* [Extracted data]:
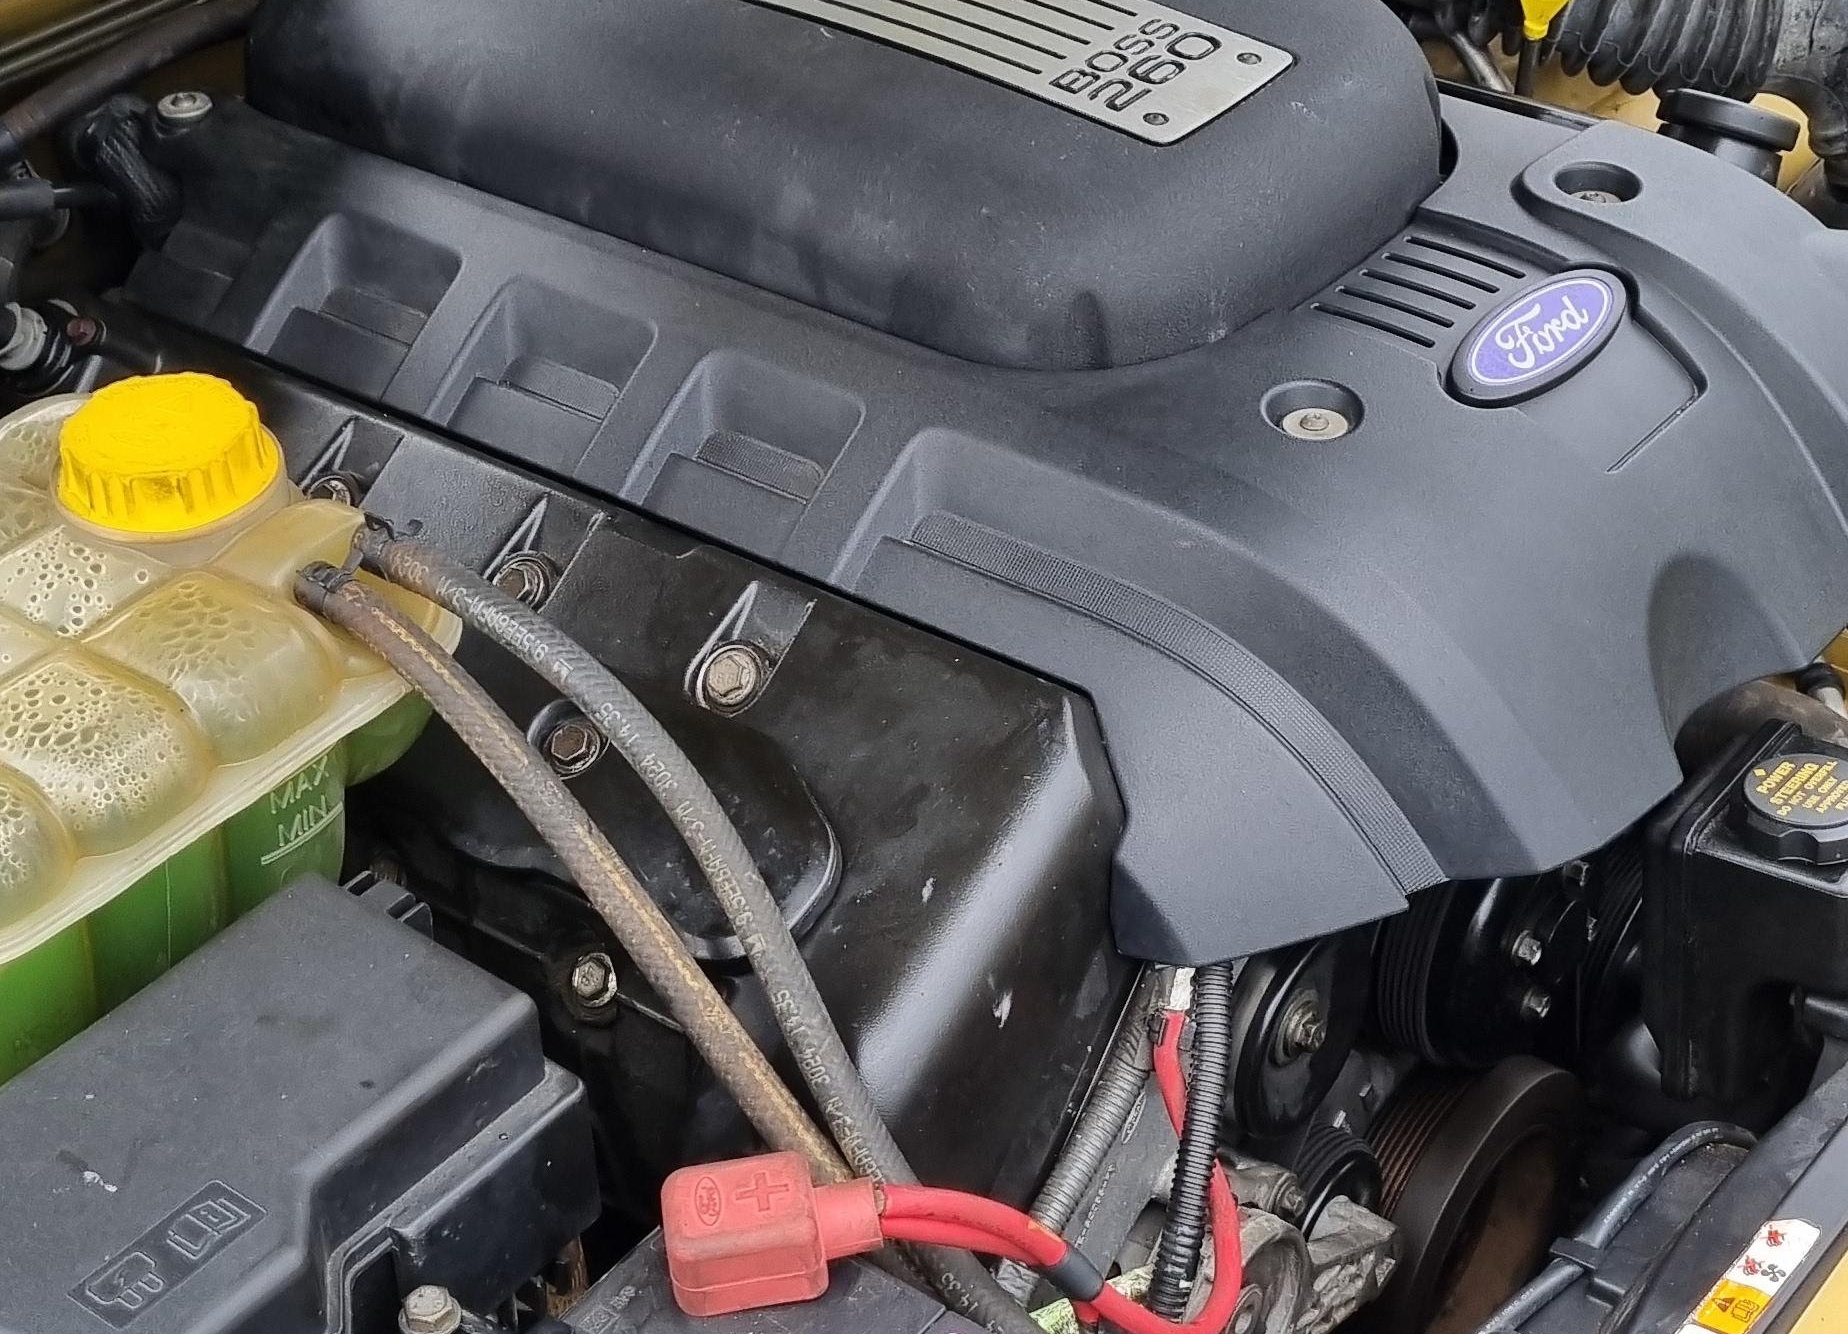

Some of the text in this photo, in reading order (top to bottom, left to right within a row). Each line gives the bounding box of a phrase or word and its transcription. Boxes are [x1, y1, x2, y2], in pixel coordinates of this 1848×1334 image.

[1049, 19, 1180, 94] BOSS
[1088, 32, 1222, 112] 260
[1493, 294, 1589, 367] Ford
[270, 755, 329, 815] MAX
[1756, 761, 1796, 794] POWER
[1769, 763, 1819, 805] STEERING
[1777, 761, 1838, 816] DO NOT OVERFILL
[1802, 776, 1838, 808] USE ONLY
[278, 794, 329, 847] MIN
[770, 990, 805, 1035] 14.35
[798, 1046, 830, 1089] 3024
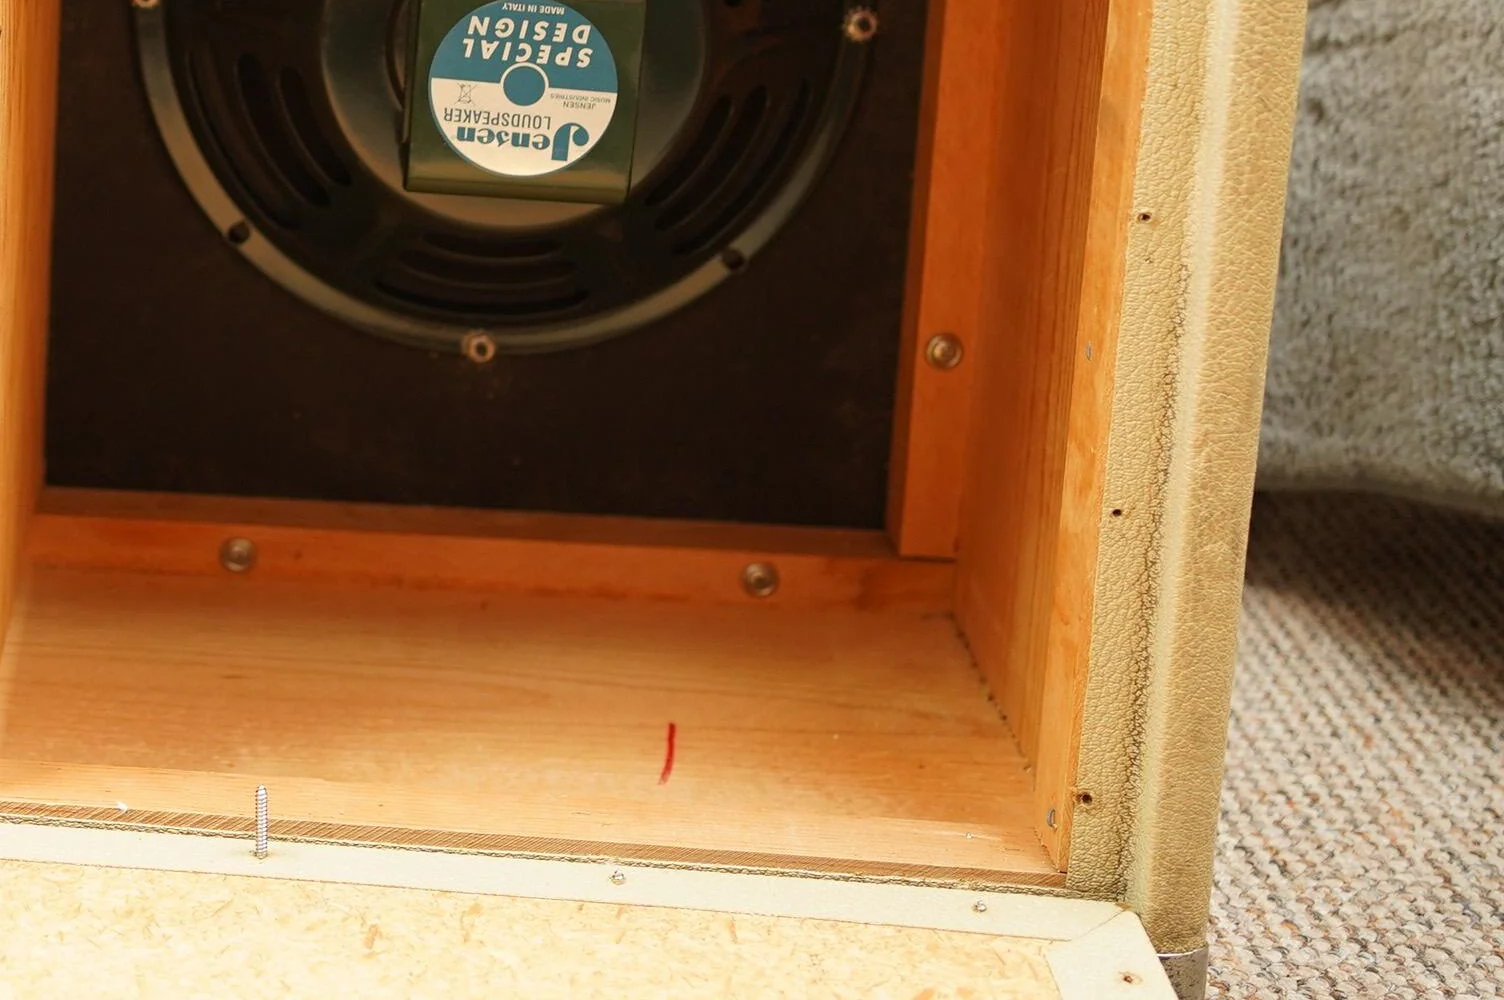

* [What the exercise asks]:
All entries are to be duplicated exactly, with the pictures left out.

* [Worked solution]:
Some of the text in this photo, in reading order (top to bottom, left to right within a row). Each line gives the bounding box of a phrase or word and its transcription. Boxes are [x1, y1, x2, y2], in pixel coordinates of this 1848×1334 image.

[1049, 19, 1180, 94] BOSS
[1088, 32, 1222, 112] 260
[1493, 294, 1589, 367] Ford
[270, 755, 329, 815] MAX
[1756, 761, 1796, 794] POWER
[1769, 763, 1819, 805] STEERING
[1777, 761, 1838, 816] DO NOT OVERFILL
[1802, 776, 1838, 808] USE ONLY
[278, 794, 329, 847] MIN
[770, 990, 805, 1035] 14.35
[798, 1046, 830, 1089] 3024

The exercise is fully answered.